-- DATA UNDER STUDY follows --

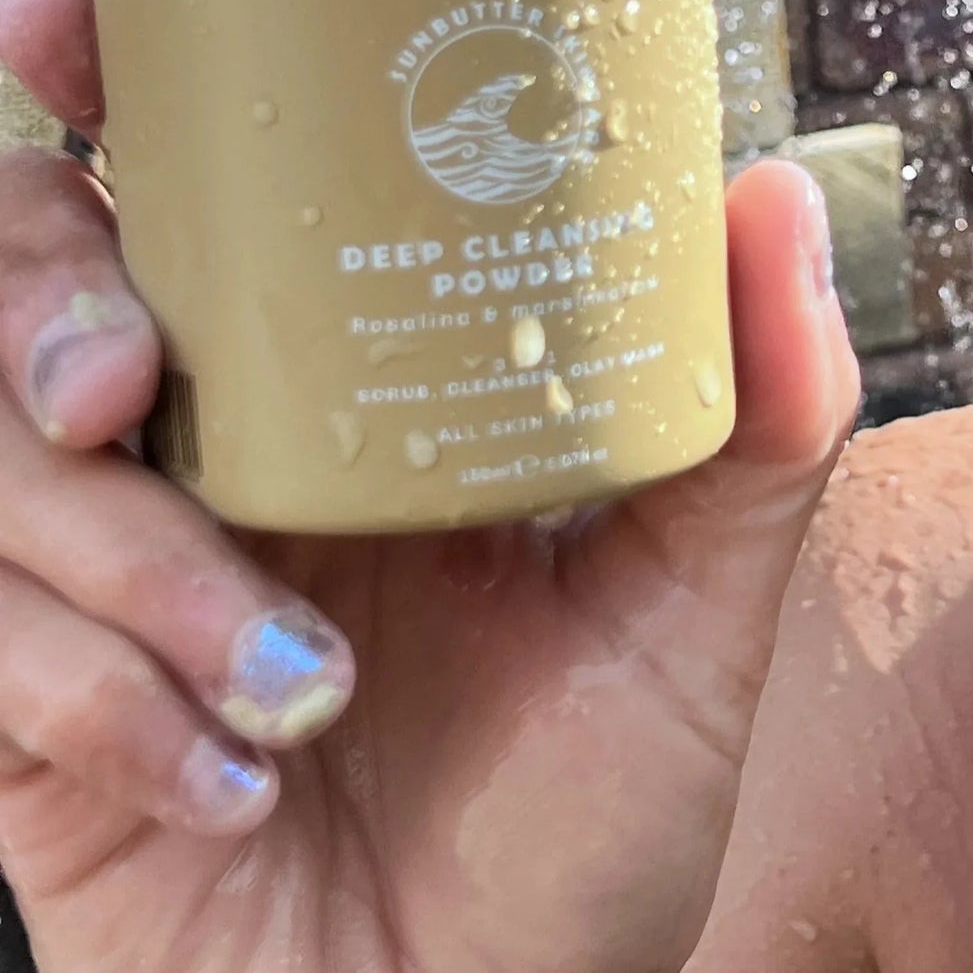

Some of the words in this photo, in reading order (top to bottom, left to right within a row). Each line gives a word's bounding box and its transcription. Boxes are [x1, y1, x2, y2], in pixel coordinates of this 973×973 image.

[388, 0, 544, 84] SUNBUTTER
[341, 240, 444, 271] DEEP
[431, 253, 594, 298] POWDER
[352, 312, 471, 334] Rosalina
[437, 423, 480, 444] ALL
[488, 415, 544, 437] SKIN

-- DATA UNDER STUDY concluded --

Drop the images and copy all the data exactly.

Some of the words in this photo, in reading order (top to bottom, left to right within a row). Each line gives a word's bounding box and its transcription. Boxes are [x1, y1, x2, y2], in pixel coordinates of this 973×973 image.

[388, 0, 544, 84] SUNBUTTER
[341, 240, 444, 271] DEEP
[431, 253, 594, 298] POWDER
[352, 312, 471, 334] Rosalina
[437, 423, 480, 444] ALL
[488, 415, 544, 437] SKIN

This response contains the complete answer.